Марш Турецкого - Фридрих Незнанский
Шрифт:
Интервал:
Закладка:
И я проваливаюсь в мир иной, где все лучше. И в этом новом мире я не погибаю, а побеждаю…
Ивонин летит на меня, сваливается и как-то странно дергается, кричит:
- Я-а-а! Тебя-а-а!…
И он ползет на меня. Давит, прижимает к земле, пахнущей плесенью, ползет еще дальше. Уползает в темноту. Он исчезает, а я свободен. Потому что Цегоева тоже нет. Вернее, есть, но он падает в метре от меня. Мне даже кажется, что земля вздрогнула, как при землетрясении. Руки мои по-прежнему стянуты, рот тоже, но ноги, мои ноги свободны. И я приподнимаюсь на ослабевших ногах и вижу афганцев-душманов, бегущих мне навстречу…
Я прислоняюсь спиной к кипарису. Это на том свете. И на том свете подбегает ко мне мой друг Грязнов. Ничего, что он похож на душмана в каком-то полосатом халате и чалме. У меня кружится голова и раскалывается череп от боли. И тогда я понимаю, что не умер. На том свете голова не болит. Пелена застилает глаза, я ничего не вижу. Зашлось дыхание, щиплет глаза.

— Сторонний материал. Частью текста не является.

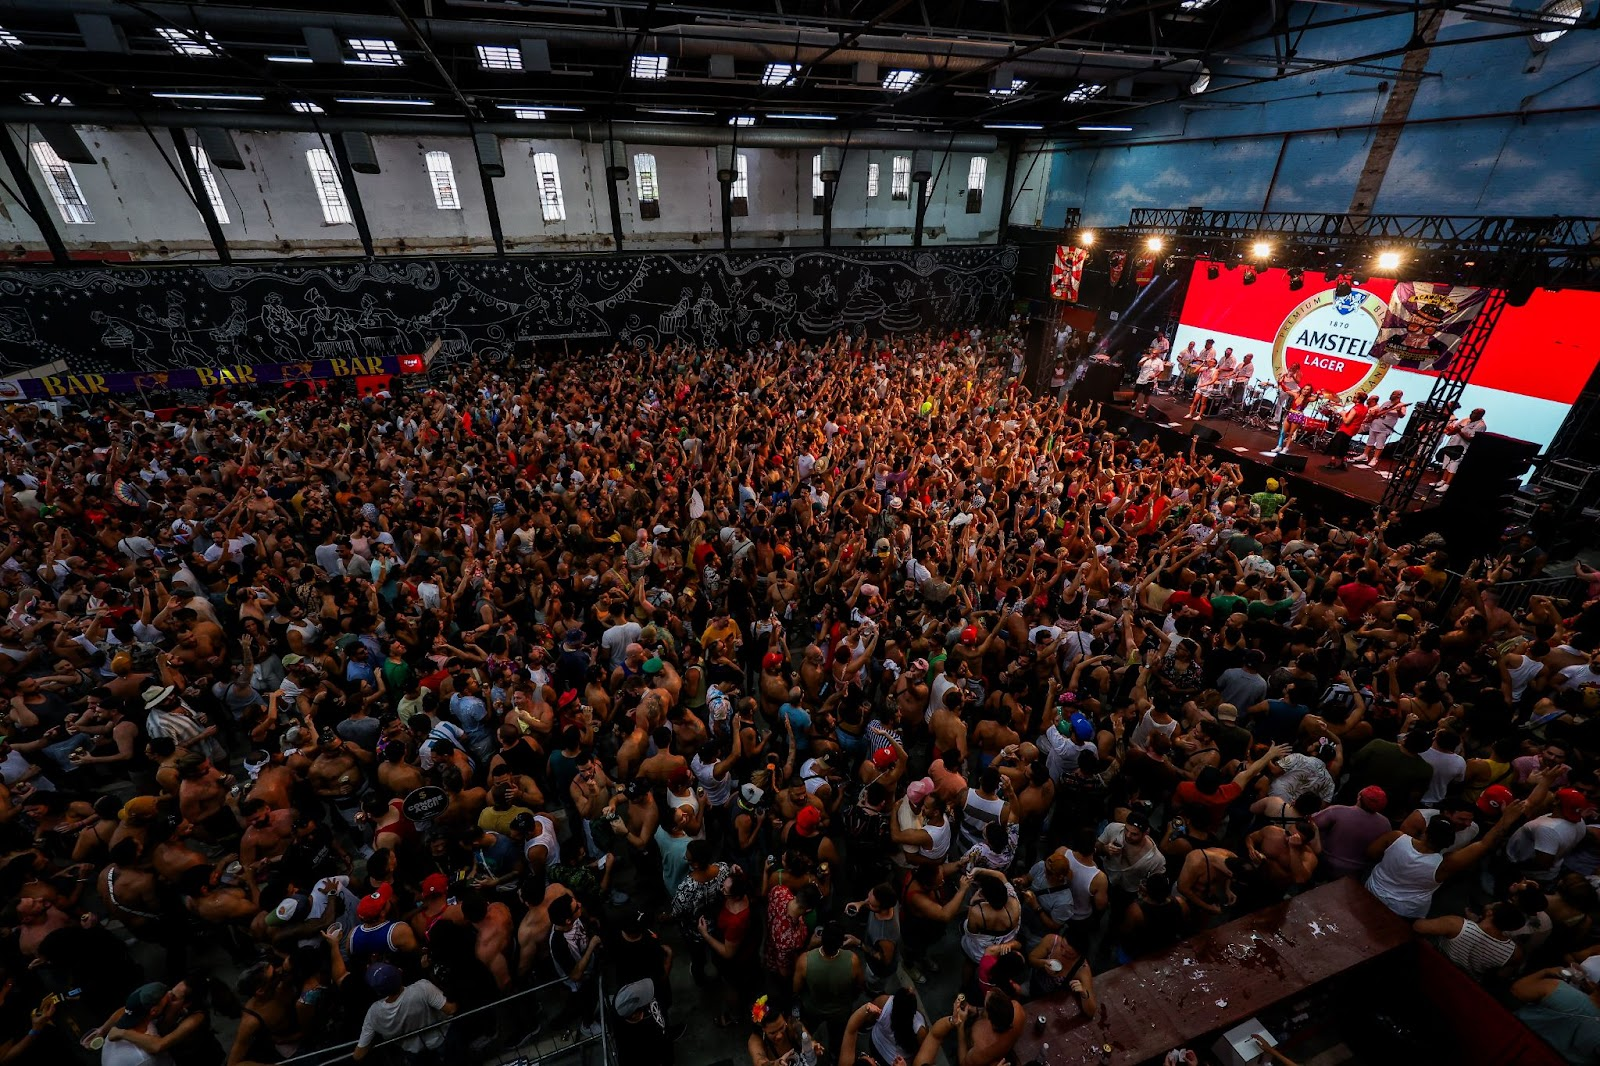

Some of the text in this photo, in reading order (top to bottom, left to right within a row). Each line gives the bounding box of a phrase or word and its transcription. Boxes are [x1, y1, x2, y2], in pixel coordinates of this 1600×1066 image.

Но я слышу знакомый голос Грязнова:
- Прорвемся, Шурик, не боись!
Зрение возвращается ко мне. Я вижу это Грязнов, мой рыжий Грязнов…
- Сматываемся, братцы, потом будете обниматься, говорит он, и мы "сматываемся", причем идти мне очень легко, руки у меня свободны, и я могу издавать звуки, еще не совсем членораздельные; только вот голова у меня не на месте в полном смысле этого слова, она болтается где-то в воздухе на уровне чьих-то рук с тонкими, почти изящными пальцами, вытирающими носовым платком окровавленный нож. Потом я вижу, как эти руки засовывают нож за голенище офицерского сапога.

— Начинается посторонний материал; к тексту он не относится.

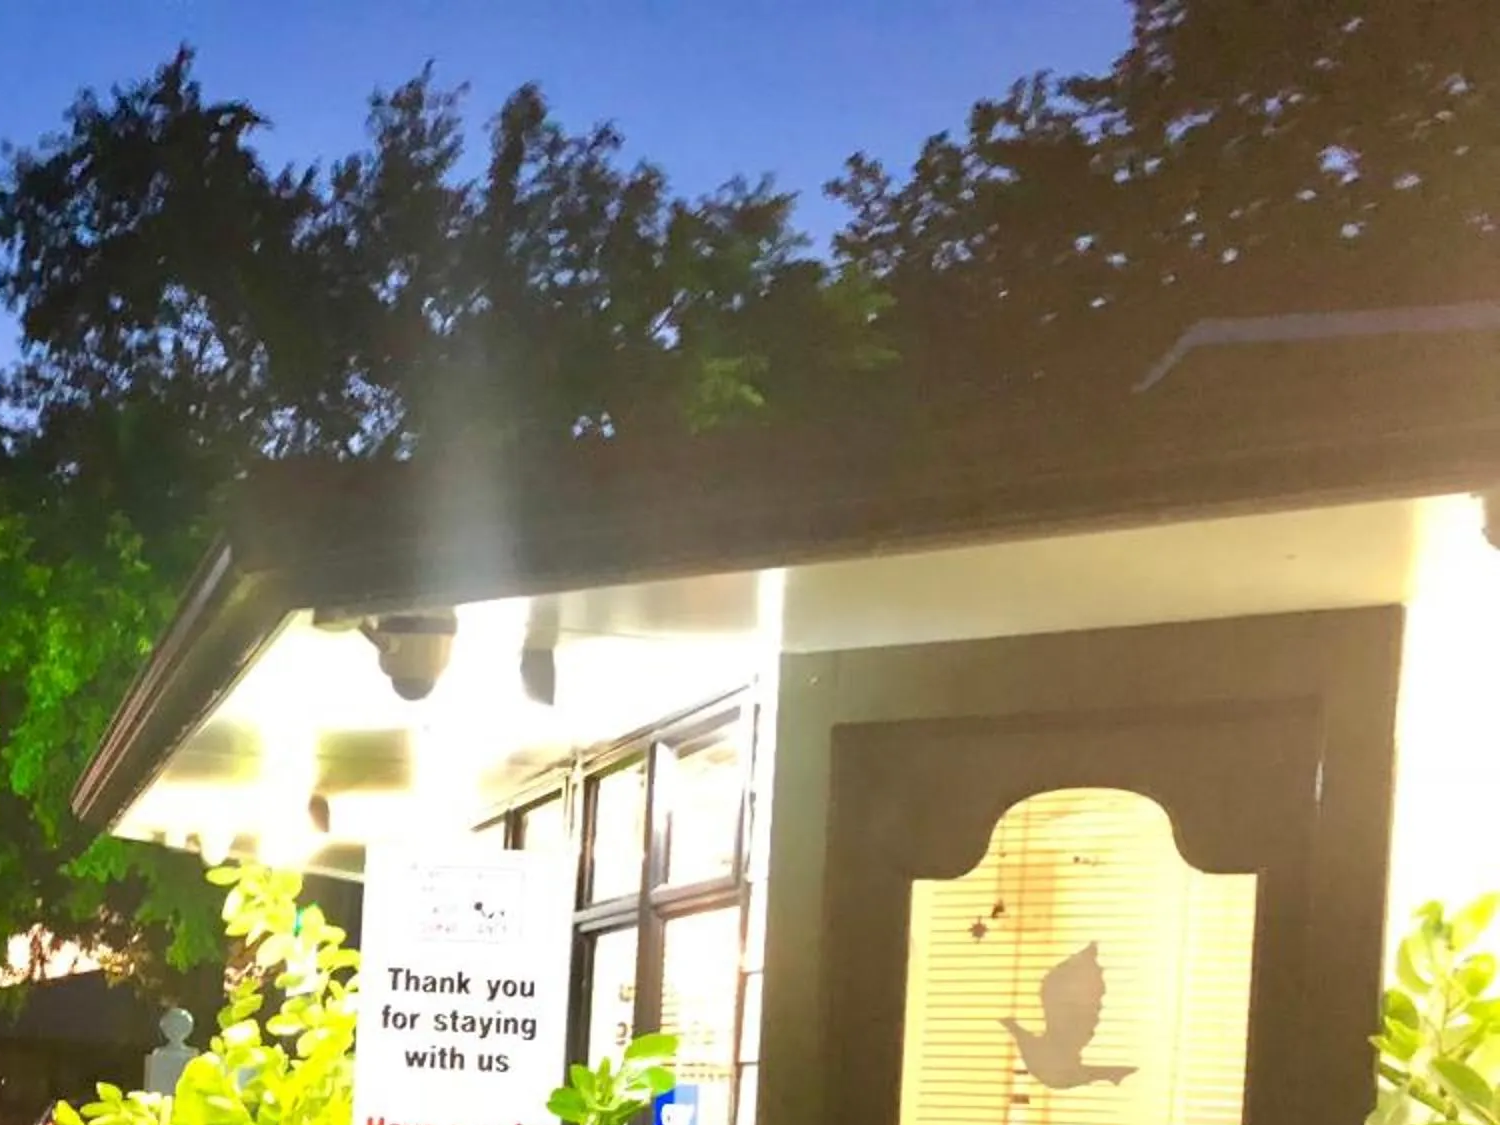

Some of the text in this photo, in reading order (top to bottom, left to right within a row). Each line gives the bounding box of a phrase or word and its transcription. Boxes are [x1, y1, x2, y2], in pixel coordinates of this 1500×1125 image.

[388, 967, 535, 1001] Thank you
[382, 1004, 537, 1040] for staying
[405, 1045, 510, 1073] with us

И тогда до меня доходит, что я не иду, а меня несет Бунин, перекинув мое тело через плечо. Я бурно протестую, но он крепко держит своими ручищами меня за ноги и не обращает внимания на мое мычание.
Я с трудом поворачиваю голову из стороны в сторону. Наш маленький отряд двигается по узкой тропинке сквозь чащу и выходит к кишлаку. Тяжелым дыханием вздымается бунинская спина.
- Иван Алексеевич, отпустите Сашку, пусть попробует сам, слышу я чей-то очень знакомый голос, и, когда Бунин осторожно ставит меня на ноги, я вижу, что это Женя Жуков в такой же афганской чалме, как и Грязнов. Я бодро шагаю вместе со всеми, но замечаю, что наша группа сбавила шаг. Боли я не чувствую, но к горлу подкатывает тошнота и дома прыгают перед глазами. Кругом квадратные глухие дувалы с узкими бойницами, напоминающими декорации спектакля об Афганистане. Кажется, кишлак вымер. Кто-то быстро говорит на незнакомом языке сопровождают два "всамделишных" афганца с автоматами.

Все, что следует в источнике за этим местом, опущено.